Muitas realizações nem foram aqui elencadas mas houve avanços significativos, uns ainda na maneira antiga de indução a ações via introdução na tabela de procedimentos com remuneração. A maior conquista, sem dúvida, foi caminhar para o cumprimento da CF e das Leis do SUS num avanço ainda que lento, continuado.
Infelizmente, mesmo tendo-se feito muita coisa, nos anos seguintes com outros governos não houve preocupação de se buscar o cumprimento das leis. Ainda temos que lamentar que questões essenciais não foram conquistas como a questão da partilha dos recursos nacionais para estados e municípios. A remuneração por procedimentos não mudou e apenas se introduziu um pagamento “procedimento símile” com maior amplitude, mas ainda por ações: atenção básica, equipe do PSF, equipe de saúde bucal, ACS, vacinações etc. etc. Cumprir a lei, nem pensar!
Saí do Ministério da Saúde e voltei a meu município por mais três anos para completar o tempo para minha aposentadoria. Não obtive mais tolerância legal e em 1995 concluí minha dissertação de mestrado sob o tema da avaliação de serviços de saúde.
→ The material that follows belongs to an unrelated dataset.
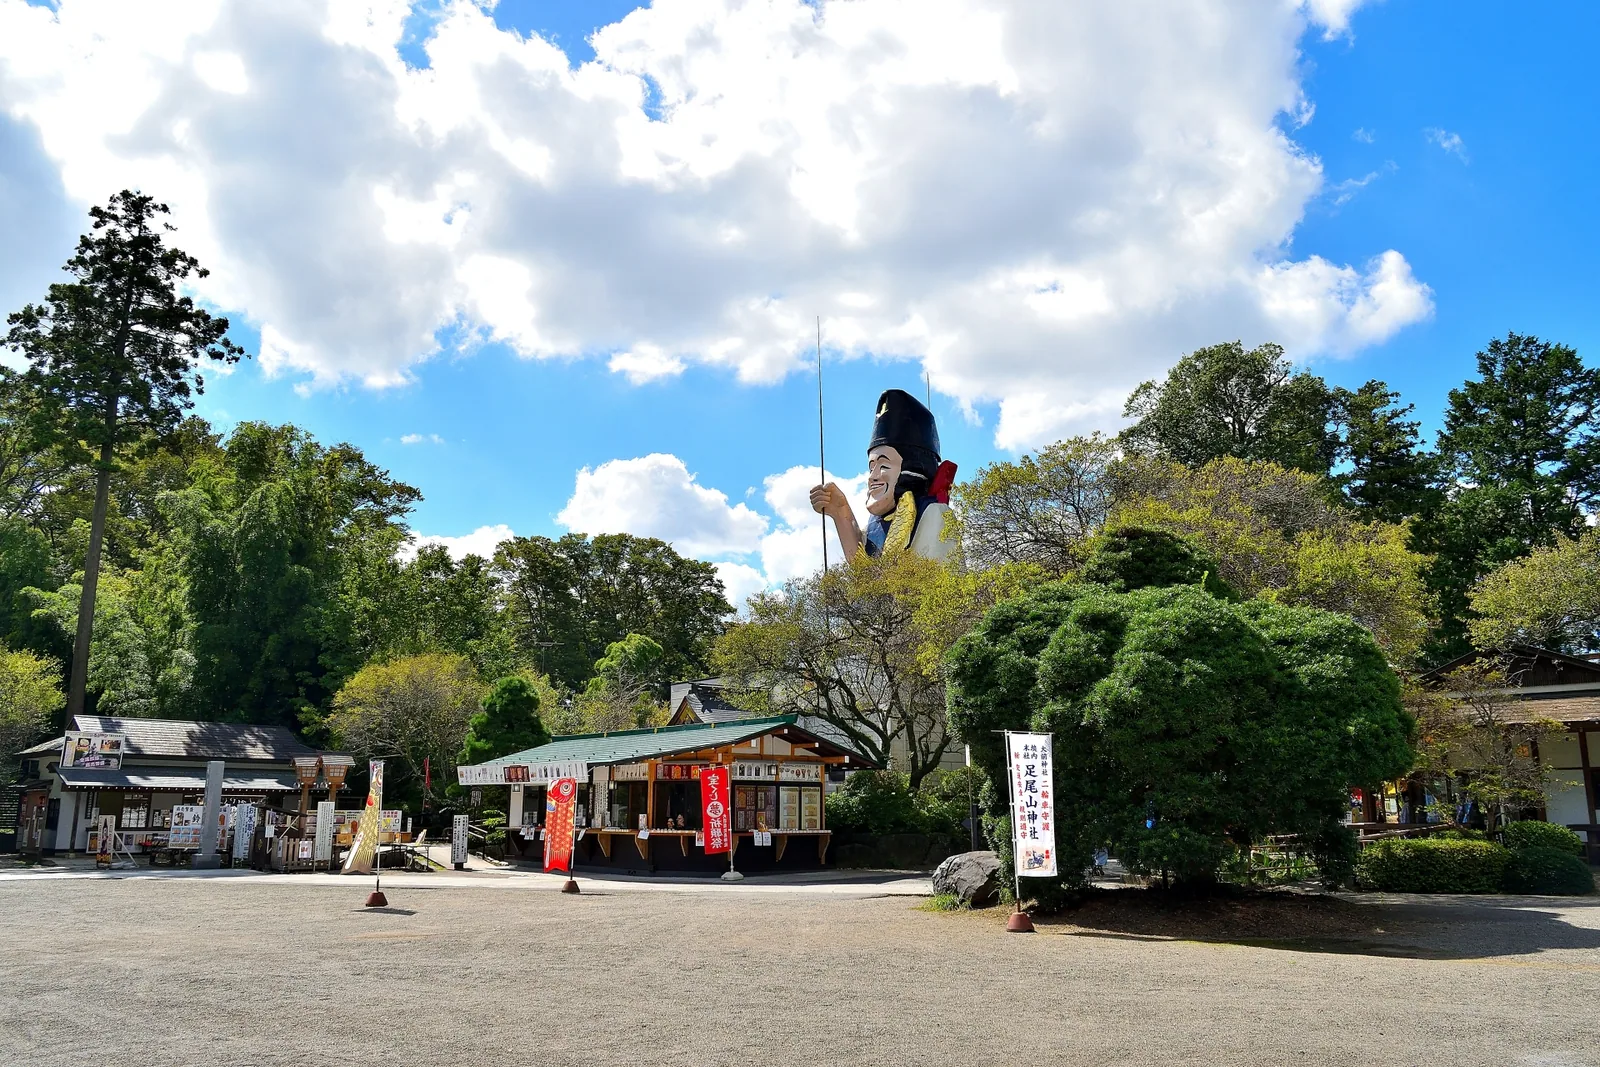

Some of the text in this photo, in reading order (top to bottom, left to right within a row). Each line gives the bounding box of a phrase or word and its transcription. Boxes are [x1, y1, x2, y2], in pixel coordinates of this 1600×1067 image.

Aposentado fui reabrir minha matrícula no doutorado que havia deixado por falta absoluta de tempo. Defendi a tese de doutorado quatro anos depois em 2002 sobre o financiamento federal da saúde.
Entre 1969 e 1973 fui caixeiro viajante pelo NIERHS implantando programas para a OPAS. Fiquei mais fixado entre 1974 e 1979. Depois não parei mais, numa tentativa que mantenho até hoje de desmonopolizar o saber. Duas coisas sempre fiz: escrever sobre os mais variados temas de saúde e ministrar aulas e palestras ajudando outras pessoas a aprenderem, como facilitador da difusão do saber.
Sempre adotei o livre uso de meus textos, transparências, slides e depois conjuntos de exposição em PPT. Tinha e tenho certeza de que tudo que sei, copiei de alguém em algum lugar. Nada sintetizei de novo e portanto nenhum direito tenho reservado para o que falo e escrevo pois fazem parte do saber patrimônio da humanidade. Disse e escrevi assim. Mas, recentemente, de uns 10 anos para cá quando surgiu o movimento do copyleft aderi informalmente a ele, pois continuei disponibilizando todos meus textos.
Em meio aos compromissos semanais não tinha tempo para escrever e depois de aderido à internet em 1995 passei a divulgar por ela alguma coisa aos domingos. Já são, desta nova fase, 583 edições do que se denominou DOMINGUEIRA, pois se editava aos domingos. Publico e escrevo até hoje agora já mais sistematizado tendo na primeira página um texto meu; na segundo um texto de algum amigo convidado e na página três coloco notícias da saúde de importância para os militantes e defensores do sistema de saúde. Por vezes os temas se misturam numa mesma domingueira e outras vezes elas são temáticas do começo ao fim: meu texto, o do convidado e as notícias.
Abordo os mais variados temas, mas, têm sido recorrentes nestes anos todos, aqueles que abordam: financiamento da saúde (análise de orçamentos, relatórios de gestão e proposições), fundo de saúde, organização do sistema de saúde, primeiros cuidados com saúde, PEC 169, depois regulamentação da EC-29; comentários a portarias ministeriais as mais diversas; força de trabalho em saúde; privatização de serviços públicos; Organizações Sociais; OSCIPS; dupla porta em hospitais públicos; participação da comunidade na saúde; temas das várias conferências de saúde etc. etc. Todas publicadas em meio eletrônico ou reproduzidas em xerox. Nunca indexadas e pouco citadas em trabalhos acadêmicos como TCCs, Artigos Científicos, Dissertações de Mestrado e Doutorado. Nada além do esperado.
Hoje dou aula em cursos de pós latu senso; algumas aulas como convidado em stritu sensu; participação em bancas de mestrado e doutorado; faço palestras e conferências de saúde ou falo em outros eventos sempre como militância; nos últimos anos presto consultoria ao CONASEMS em especial na área de financiamento representando-o em algumas comissões como a COFIN, SIOPS e ECO-BVS.
Parar? Não imagino quando. O Nelsão meu amigo, professor, guru, irmão de mais de quarenta anos, tem 10 anos de idade a mais que eu. Quando me perguntam: não vai parar? Diminuir o ritmo? Aproveitar da vida? Tenho para estas perguntas embaraçosas sempre uma resposta na ponta da língua: “SÓ PARO DEPOIS DO NELSÃO PARAR”.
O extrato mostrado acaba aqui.